As you import data, you’ll notice that SAGA uses a data format called “Grids,” which are different from GeoTiffs or other raster formats. I have an overview of the data format in a post blog post (Intro to SAGA GIS), but it’s worth reiterating here too. In the photo to the left of a data layer in SAGA, there is a single layer in a single grid system. The grid system is defined by a series of numbers. The first number represents the resolution in the units your data is projected in (mine is 2.5 feet). The next numbers are the extent of your data in cells wide by cells tall (my data is a 2000x 2000y square). The next numbers are the origin, or starting point, of your data. This data is in a foot-based projection of NAD83 for Northern Ohio, so the 7 and 6 digit numbers seem right. Under the grid system, you can see an individual data layer. The only layer in there right now is “mtgileadelevation.” As I generate more layers using terrain analysis tools or other SAGA algorithms, all the layers that share the same resolution, extent, and origin will populate under the same grid system.

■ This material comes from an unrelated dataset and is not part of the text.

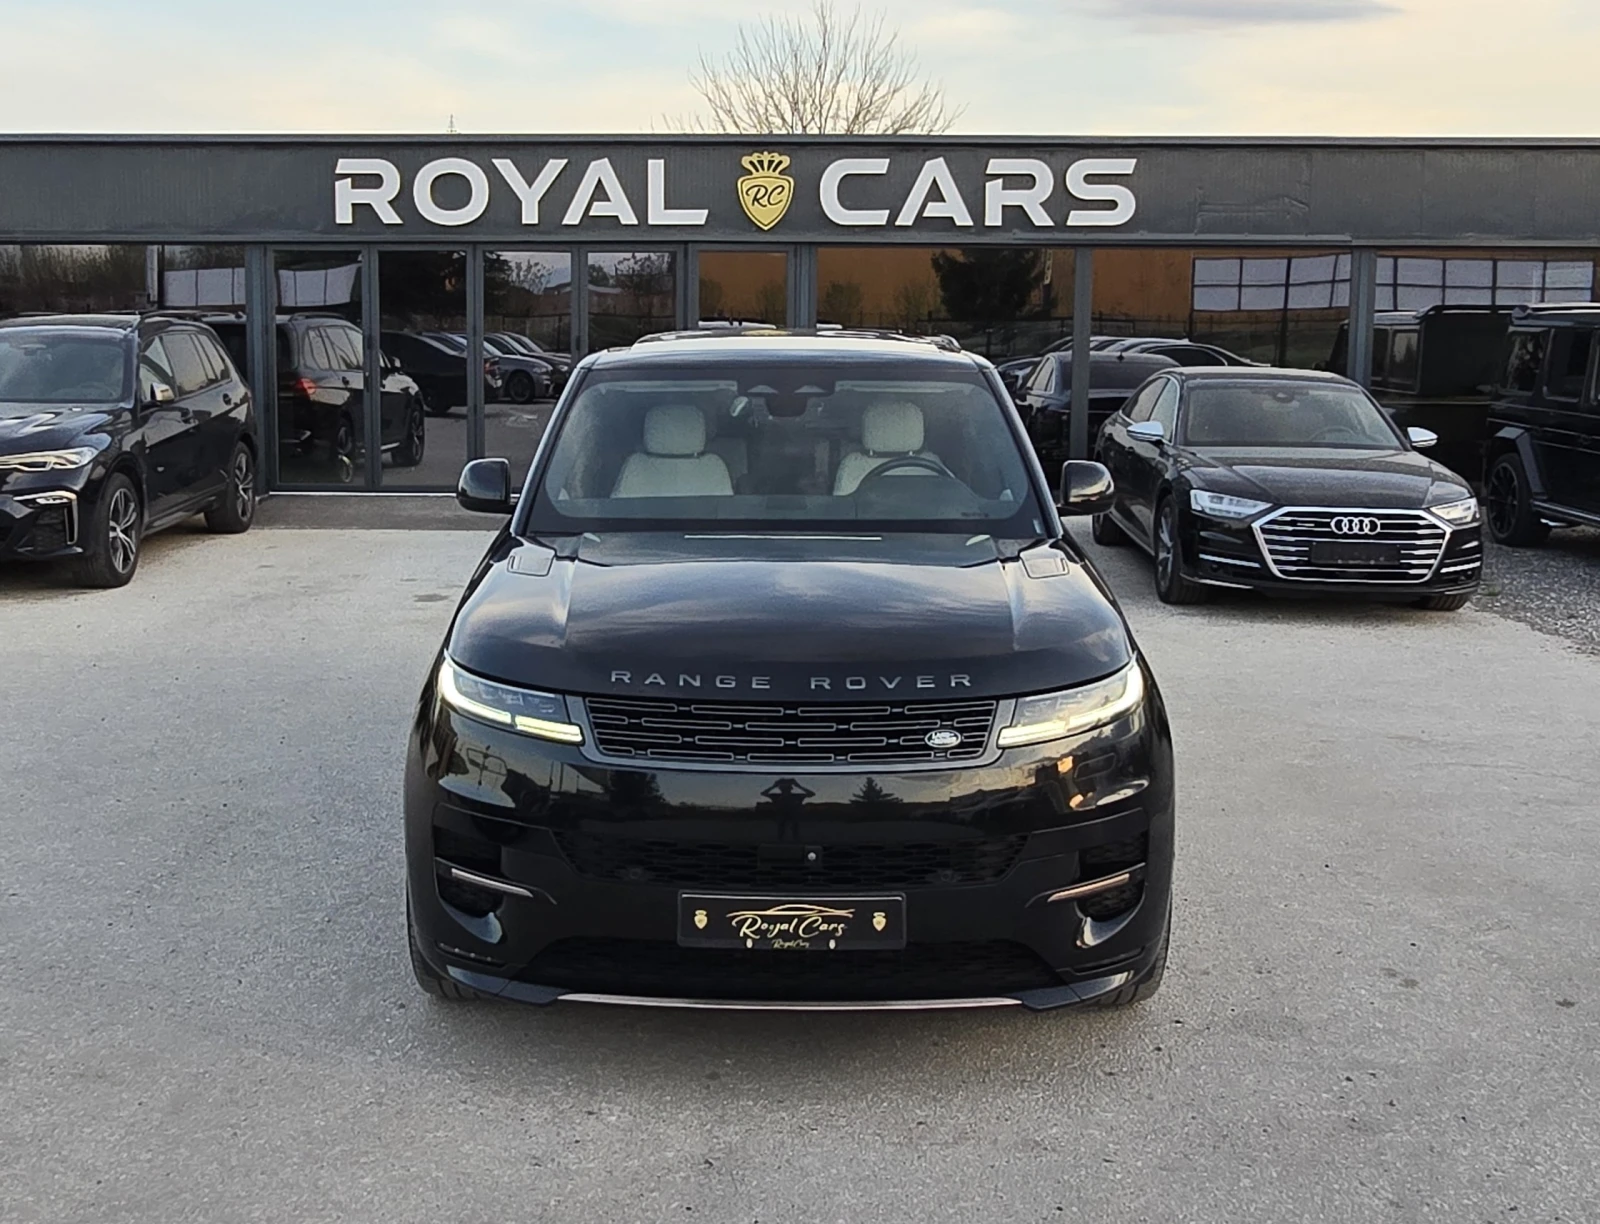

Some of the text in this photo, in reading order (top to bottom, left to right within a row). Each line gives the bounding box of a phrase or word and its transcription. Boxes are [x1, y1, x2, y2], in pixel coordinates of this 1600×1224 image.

I mostly use SAGA for terrain analysis, but it can do pretty much anything you’d do in a GIS. If you get started with SAGA and really love it, it’s worth exploring some of the georeferencing and map layout features. The most detailed resource I’ve found on these topics is the SAGA Manual by Víctor Olaya. The intro chapters are quite lengthy and include a good mix of detailed descriptions and helpful screenshots– definitely check it out you’ve found the SAGA Tutorials blog or my posts to be insufficiently detailed.

If you’re interested in SAGA algorithms but don’t want to invest time in a new software, the SAGA for QGIS plugin is also great. This is also a great option if you find the grid systems organization to be confusing. For regular QGIS users, the QGIS documentation page for the plugin might be enough to get you started. If you’re looking for a detailed tutorial, I’d recommend The Use of SAGA GIS Modules in QGIS by Paul Passey and Sylvain Théry (it’s available for free on ResearchGate here). I hadn’t considered using the plugin for vegetation indices before reading their article, but now I definitely want to try it.

SAGA isn’t the most intuitive software to learn, but I’ve found it to be valuable in my research. With these resources, you can overcome the initial learning curve and start using SAGA for raster data handling. I’m also always looking for more SAGA tips and tricks, so if you have any favorites I’d love to hear about them in the comments!